Os advogados da Reforma são os responsáveis por boa parte dos habeas corpus individuais que têm permitido em várias partes do país o uso da cannabis em tratamentos específicos.
 
Para a juíza, o HC movido pela entidade busca "a efetivação do princípio da dignidade, bem como dos direitos à vida e à saúde, os quais devem prevalecer sobre a proibição de se cultivar a planta de onde se extrai a substância utilizada especificamente para o tratamento dos pacientes em um contexto de necessidade, adequação e proporcionalidade", escreveu.
A magistrada afirmou ainda que a inércia do Estado em criar legislação sobre o tema não pode servir de obstáculo à concretização do direito fundamental à saúde.
 
Barrea autorizou que a Cultive produza até 448 plantas de cânabis por ano, número suficiente para promover o fluxo contínuo do extrato da planta aos associados da entidade.
 
O cultivo, realizado até então na casa dos diretores da associação, era considerado irregular.

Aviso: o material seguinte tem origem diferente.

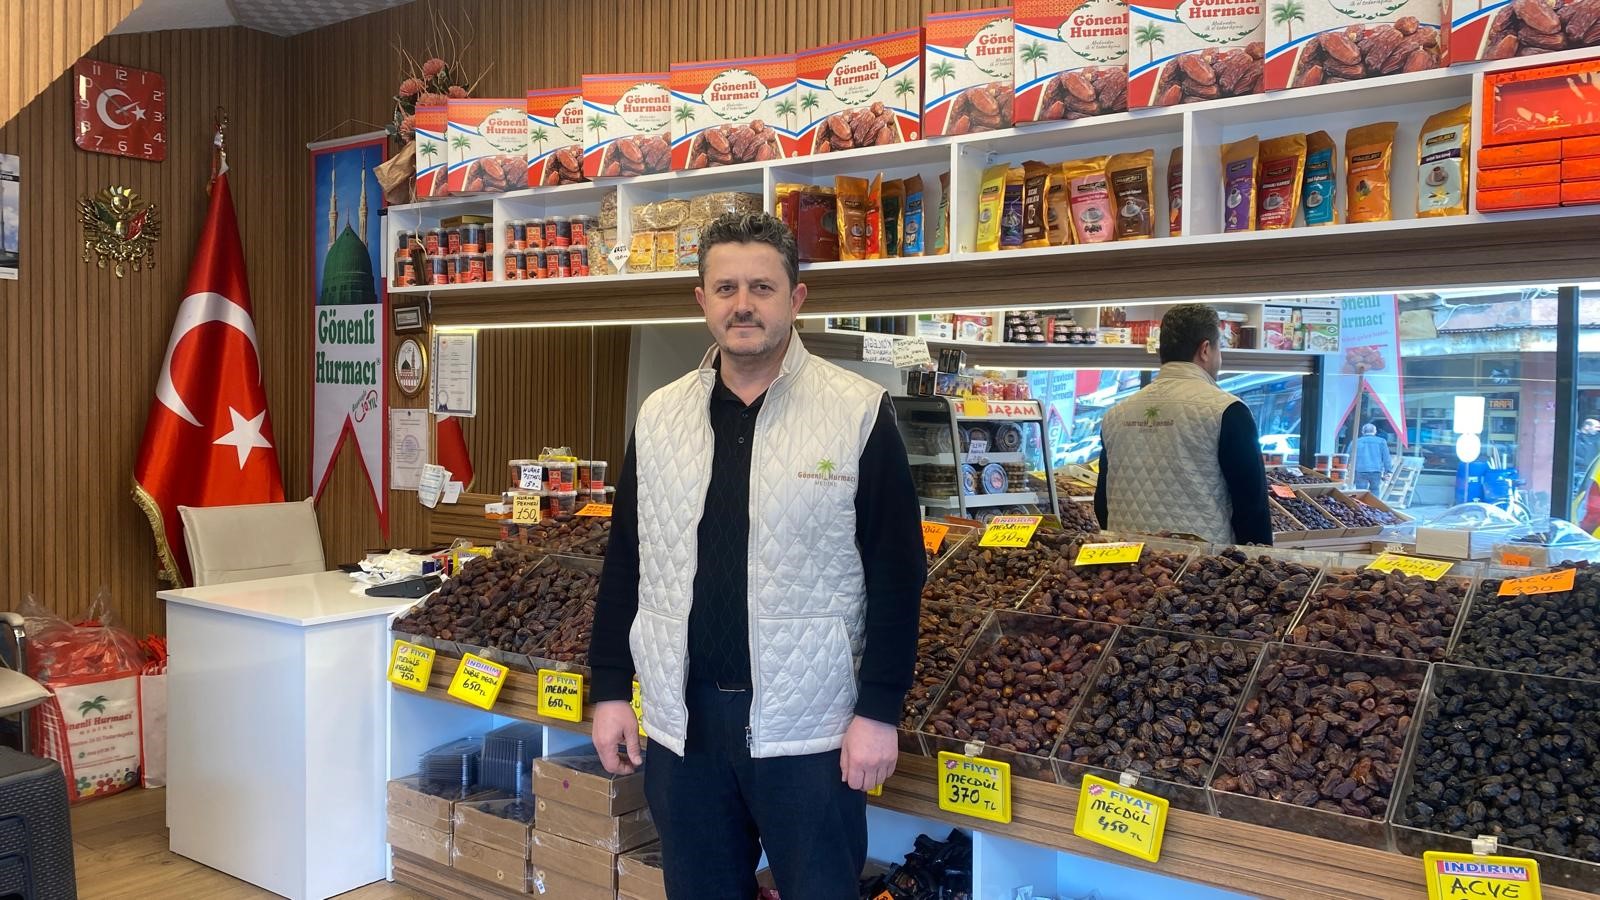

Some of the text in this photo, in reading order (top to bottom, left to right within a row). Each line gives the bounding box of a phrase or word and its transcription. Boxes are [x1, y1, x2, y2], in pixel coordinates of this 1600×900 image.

Após o HC, ele passa a ser feito num espaço alugado, diz Fábio Carvalho, cultivador e diretor da entidade. "Com mais estrutura, conseguiremos mostrar que é possível ter um cultivo coletivo, artesanal e de muita qualidade a baixo custo para aqueles associados que não conseguem ou não sabem produzir."
 
Nos autos, a Polícia Civil de São Paulo se mostrou preocupada com a fiscalização da plantação da cânabis sob a responsabilidade da Cultive, que pode atingir proporções muito maiores do permitido.
 
"[Também] não é possível desprezar eventuais desvios dolosos, culposos, ou até mesmo não intencionais, como em hipótese de furto ou roubo das substâncias por terceiros, tendo em vista o grande consumo dessa droga de maneira ilícita", afirmou a Polícia Civil.
 
A PM afirmou que "a via estreita do habeas corpus exige prova constituída e do abuso de poder reclamado, o que não se percebe no caso". O Ministério Público também disse que o pedido não deveria ser apreciado por meio de habeas corpus.
 
Mas a juíza Andrea Barrea entendeu que não existe indício de que o ato de semear, cultivar e dispor da maconha seja compatível com o crime de tráfico de entorpecentes. "Ao contrário, dos autos extrai-se que o cultivo da planta decorre de razões médicas e humanitárias, conforme se depreende dos relatórios médicos", argumentou.
 
A Cultive terá de fornecer relatórios semestrais sobre a necessidade de continuação do tratamento, via cânabis, de seus 21 associados "a fim de obter renovação do salvo-conduto". A plantação também passará por fiscalizações periódicas das autoridades policiais.
 
Em caso de recurso, o HC poderá ser novamente analisado por colegiado do TJSP.